**Instructions to follow**
A verbatim transcription of every record below is required.

━━━━━━━━━━━━━━━━━━━━

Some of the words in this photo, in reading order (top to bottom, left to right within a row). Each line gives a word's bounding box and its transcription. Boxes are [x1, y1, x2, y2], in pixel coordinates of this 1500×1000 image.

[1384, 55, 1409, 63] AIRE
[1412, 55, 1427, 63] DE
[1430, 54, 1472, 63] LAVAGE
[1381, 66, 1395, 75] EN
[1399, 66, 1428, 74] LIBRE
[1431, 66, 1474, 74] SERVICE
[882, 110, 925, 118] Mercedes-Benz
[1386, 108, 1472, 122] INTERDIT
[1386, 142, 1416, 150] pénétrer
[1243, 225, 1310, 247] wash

━━━━━━━━━━━━━━━━━━━━

**Result below**
Some of the words in this photo, in reading order (top to bottom, left to right within a row). Each line gives a word's bounding box and its transcription. Boxes are [x1, y1, x2, y2], in pixel coordinates of this 1500×1000 image.

[1384, 55, 1409, 63] AIRE
[1412, 55, 1427, 63] DE
[1430, 54, 1472, 63] LAVAGE
[1381, 66, 1395, 75] EN
[1399, 66, 1428, 74] LIBRE
[1431, 66, 1474, 74] SERVICE
[882, 110, 925, 118] Mercedes-Benz
[1386, 108, 1472, 122] INTERDIT
[1386, 142, 1416, 150] pénétrer
[1243, 225, 1310, 247] wash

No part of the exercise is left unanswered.